Décidément, on est loin de sortir de l’auberge de la résolution de la crise du Nord. Et l’implication des chefs de tribus dans les négociations est la preuve que les plus hautes autorités ont du mal à cerner les contours réels des récurrentes rébellions armées dans le septentrion.
Ceux qui ont suivi le retour du camp de réfugiés du chef de la tribu Kel-Ansar, Mohamed El Mehdi, savent qu’il y a quelque chose qui est en gestation. En plus de l’accueil ministériel auquel il a eu droit, le doyen a reçu la visite du chef de l’Etat, Ibrahim Boubacar Kéita en personne, qui, du coup, a vanté les qualités d’un homme de consensus, très respecté pour son sens élevé du patriotisme.
Mais le leader de la grande communauté Ansar peut-il faire revenir les enfants qui sont dans la rébellion à la maison ? C’est toute la problématique qui se pose quand on sait que la nouvelle génération des combattants a une autre idée de la question. Pis, Jimmy le rebelle et les autres ténors du mouvement irrédentiste disent se battre pour un idéal que ne partage du tout le chef El Mehdi. D’ailleurs, ils disent que ce dernier est déphasé.
De ce fait, plusieurs membres du MNLA que nous avons interrogés depuis Ouaga refusent toute idée de médiation placée unilatéralement sous l’autorité des chefs traditionnels, car, arguent-ils autrefois ceux-ci étaient bien écoutés et maîtrisaient parfaitement les vrais problèmes de leurs communautés respectives.
Toujours est-il que de l’indépendance nationale à nos jours : « Ces chefs de tribus ont été toujours les interlocuteurs de l’Etat, mais rien n’a changé dans nos revendications », dixit un membre du MNLA. Mieux, il explique que l’approche basée sur la chefferie traditionnelle a montré ses limites. « Les jeunes qui animent la rébellion sont insensibles à toutes décisions venant des chefs de tribu. Ils ont parcouru le monde, ils s’inspirent plus du Printemps arabe. C’est ça la nouvelle donne », précise-t-il.

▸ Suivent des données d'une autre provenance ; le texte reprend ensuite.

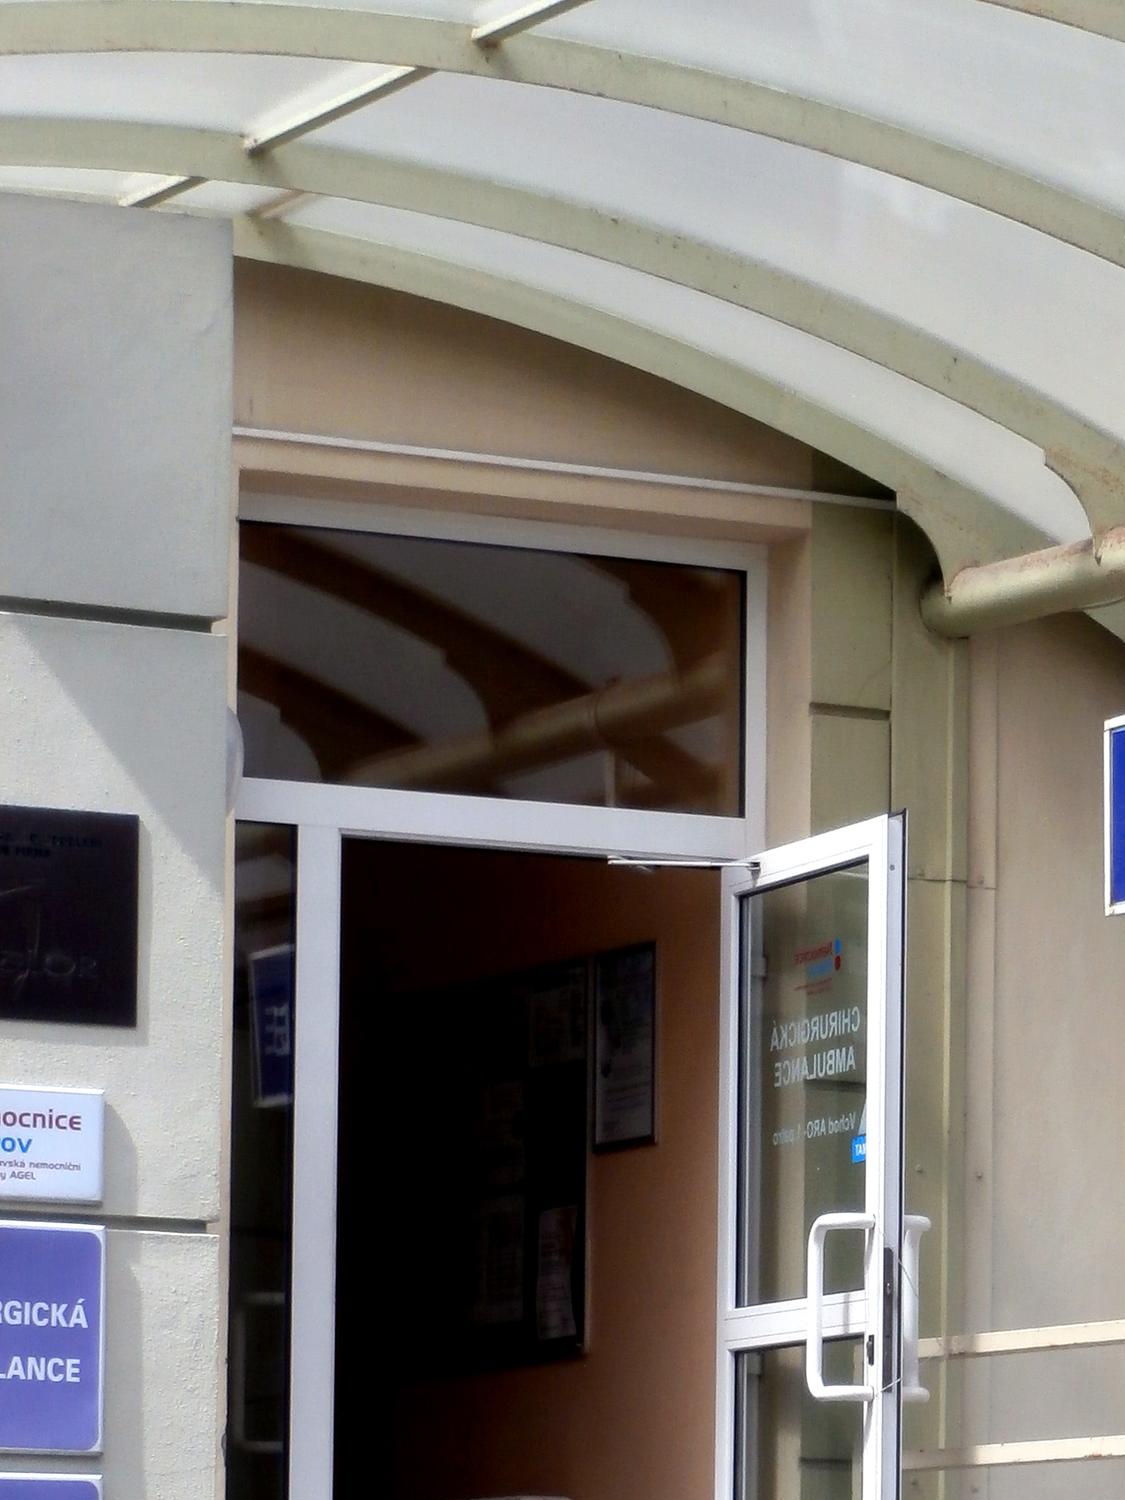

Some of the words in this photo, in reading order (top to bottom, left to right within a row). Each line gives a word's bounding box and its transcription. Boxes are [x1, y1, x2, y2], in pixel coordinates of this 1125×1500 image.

[0, 1109, 82, 1131] ocnice
[9, 1170, 36, 1181] AGEL
[0, 1298, 89, 1329] GICKÁ

Plus loin, d’autres observateurs estiment que la nature de la crise actuelle change d’approches. D’abord, le mécanisme traditionnel de gestion des conflits entre les différentes communautés reste inopérationnel de nos jours. Il y a un véritable décalage qui ne permet plus de traiter ces genres de situation. Les chefs de tribus ont été très absents dans la crise de 2012. Plus grave, ce sont leurs enfants qui sont, dans la plupart des cas, au centre de la rébellion. Donc, ils ont déjà choisi leur camp.
En tout état de cause, les propos du chef des Ifoghas, Intallah, en disent long sur le malaise qui prévaut dans le septentrion. « Je préfère attendre le congrès des chefs traditionnels pour dire ce que j’ai sur le cœur », en réponse à l’émissaire d’IBK, dimanche dernier à Kidal.

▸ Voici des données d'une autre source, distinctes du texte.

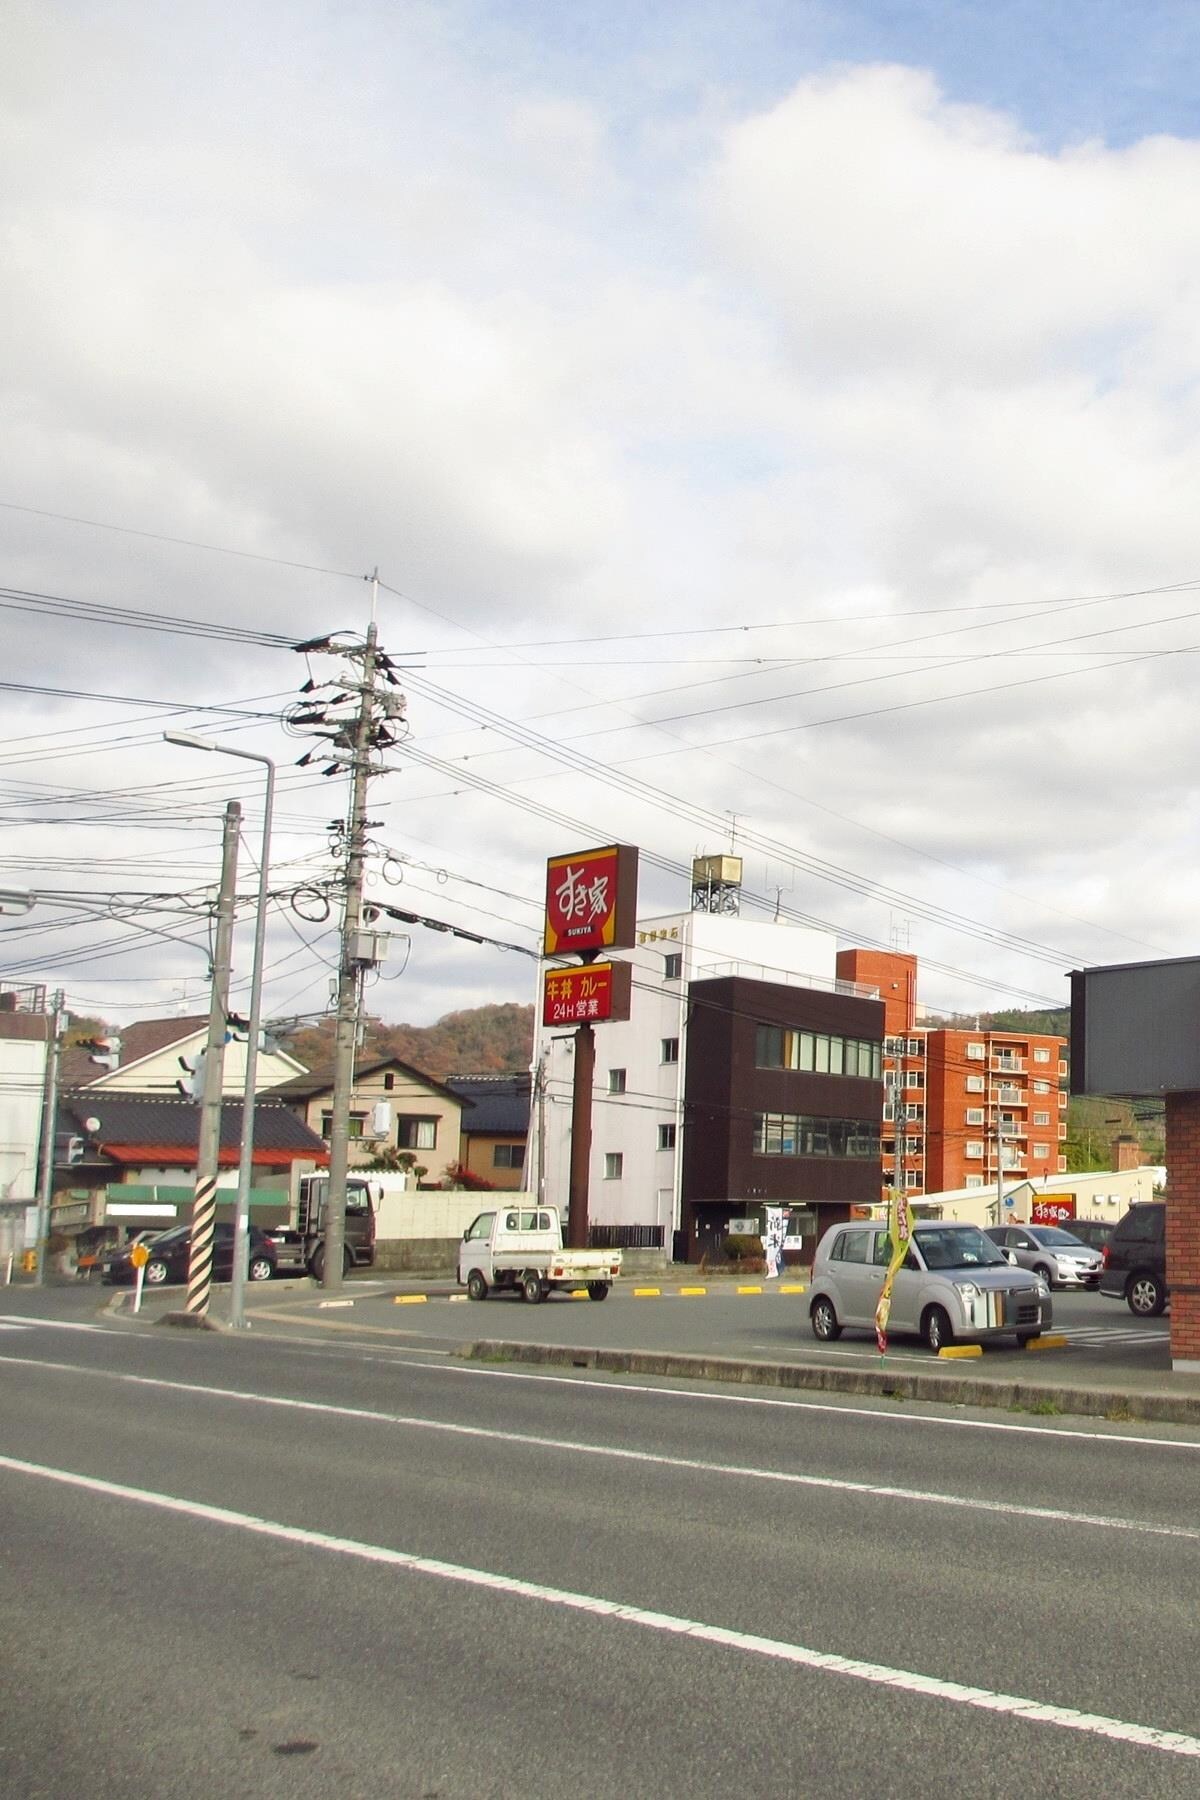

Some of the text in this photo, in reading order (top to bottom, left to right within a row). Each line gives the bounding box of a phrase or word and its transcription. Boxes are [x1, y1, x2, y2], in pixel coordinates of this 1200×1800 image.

[556, 866, 608, 923] すき家
[567, 926, 592, 937] SUKIYA
[547, 976, 608, 1001] 牛丼 カレー
[553, 998, 599, 1019] 24H営業

Certes, il est loisible de tenter une médiation interne, mais, quel va être la position de la communauté qui parraine les présentes négociations en vue ? En dehors de ces considérations, il faut instaurer dans le Nord du pays une véritable autorité de l’Etat qui mettra fin au système féodale. C’est du reste une forte recommandation de l’ancien Premier ministre Soumana Sako.
En clair, pour le retour de la paix au nord, il est indispensable de restaurer la confiance entre les communautés et, sur ce registre, les chefs de tribus ont déjà montré leurs limites.